Thoughts on Groq

By Zhenyi Tan

(Note: This post is not actually about Groq.)

I have this tendency of brushing off a topic if it didn’t catch my interest. One of those topics was AI. I mean, come on, you can go to any tech news website and see headlines about new AI breakthroughs multiple times a day.

2 days ago, I was having lunch with a friend, and he said, “Did you hear about Groq? I saw their demo video, their AI can chat like us, and it’s all happening in real-time.”

I hadn’t seen the video, but my first thought was, “So what? Siri can chat like us in real-time too, although not very well.” My second thought was maybe the demo was staged. Like maybe there’s a supercomputer somewhere doing all the work. As if being skeptical made me a smarter person.

My friend didn’t push it, and we moved on. But then, I kept seeing Groq everywhere. So I decided to check it out, in case it’s a bigger deal than I thought.

Turns out, it’s a bigger deal than I thought. The oversimplification is this: if you use a bunch of simple chips with static RAM (like the kind you find in CPU caches) to run software compiled with a custom compiler, you can generate text very quickly, like 10 times faster than using a GPU.

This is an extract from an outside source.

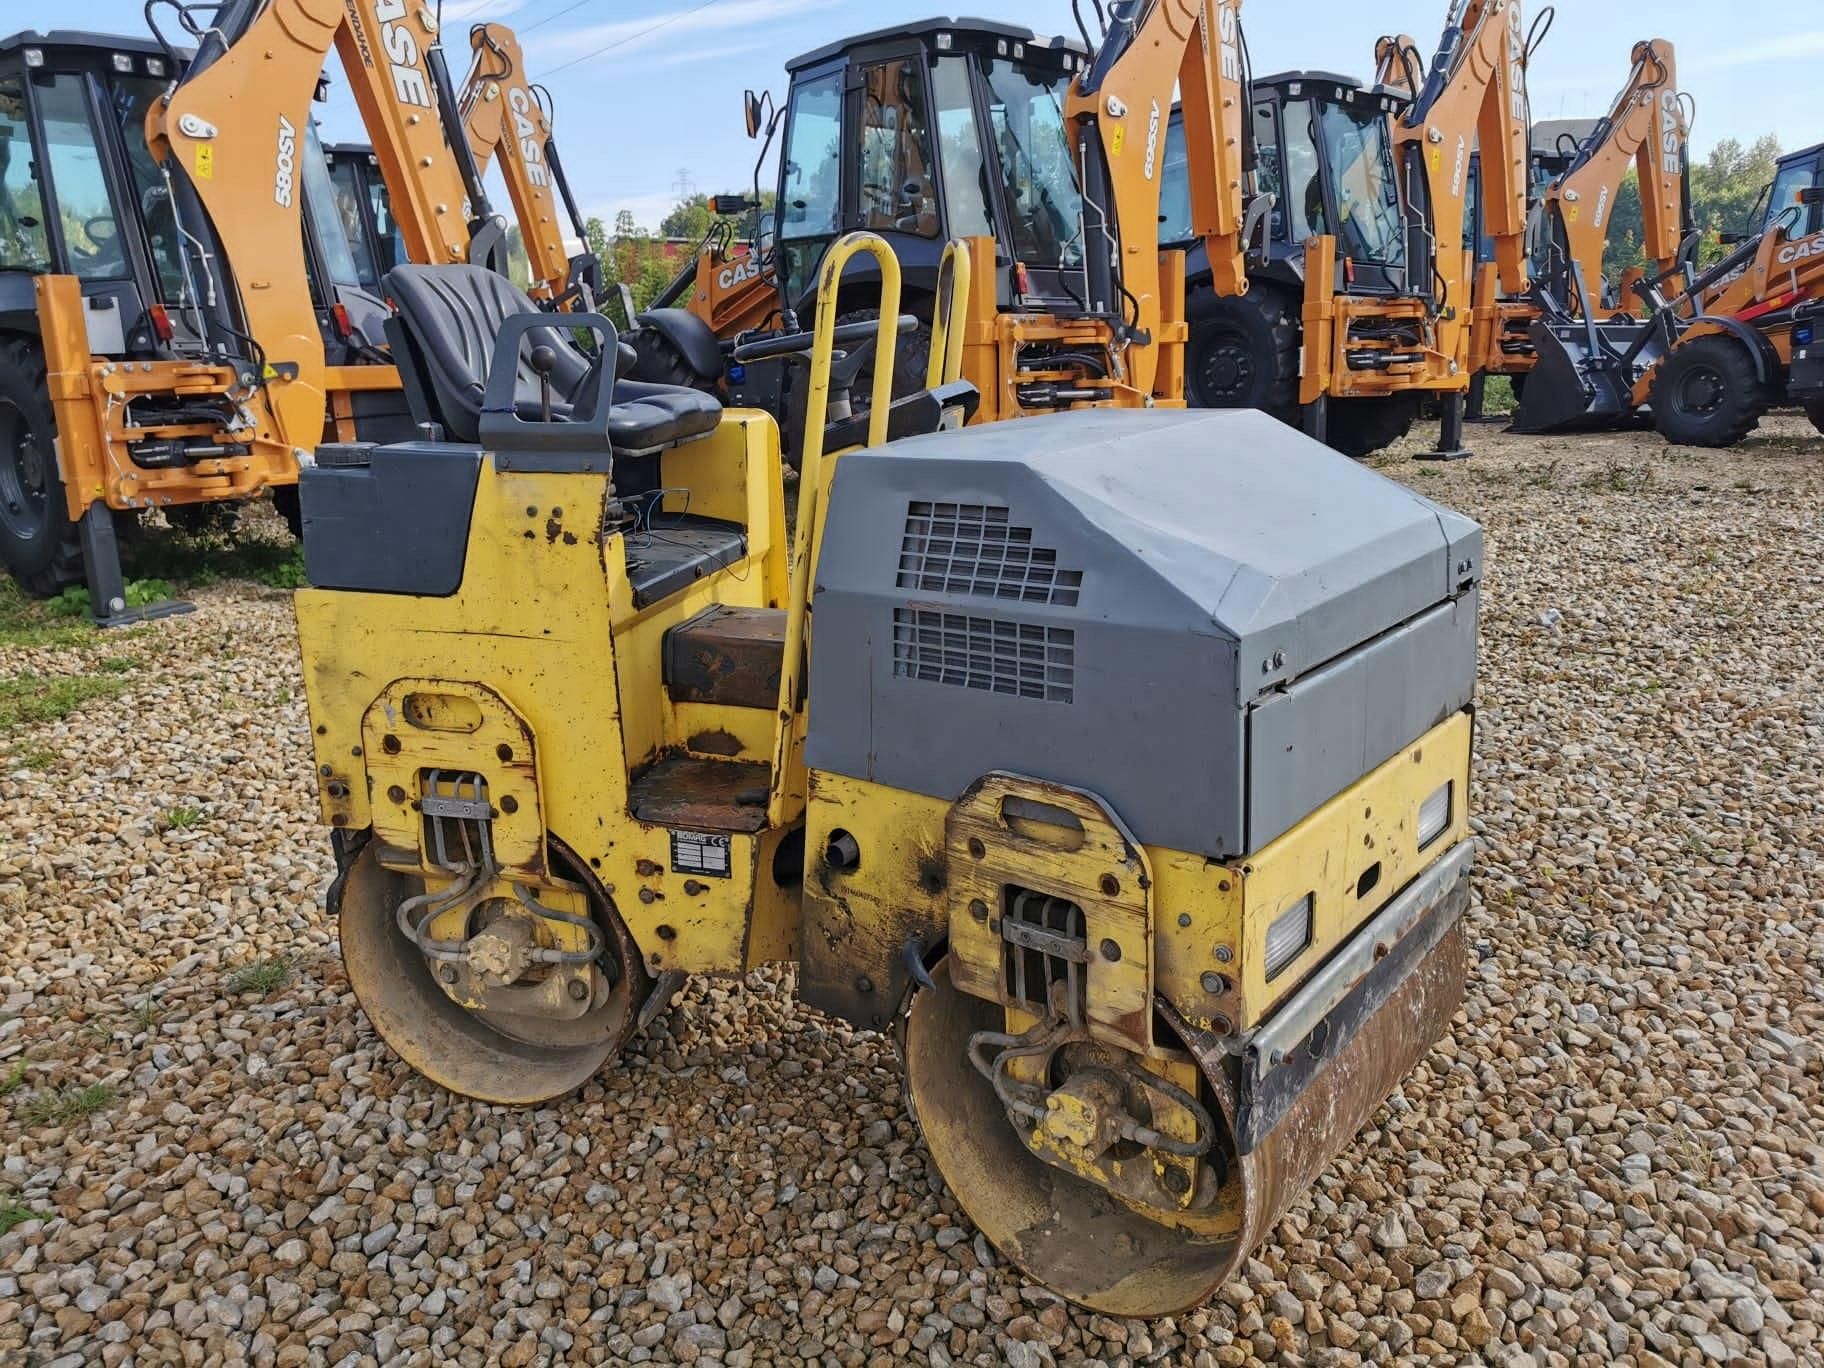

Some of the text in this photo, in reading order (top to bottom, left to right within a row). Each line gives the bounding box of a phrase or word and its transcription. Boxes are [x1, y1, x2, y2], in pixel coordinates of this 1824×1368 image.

Due to the implications for Nvidia and the GPU industry, I decided to share it with my business-savvy friend. But… he was just as skeptical as I was. And that kind of ticked me off. I even told him, “If you’re gonna keep asking these kinds of questions, then maybe we shouldn’t talk about this at all.”

Luckily, it didn’t turn into an argument, and we ended up having a pretty good discussion. But looking back, I realize I had no right to be angry because I was no different from my friend.

So… sorry, man, to both my lunch friend and my business-savvy friend.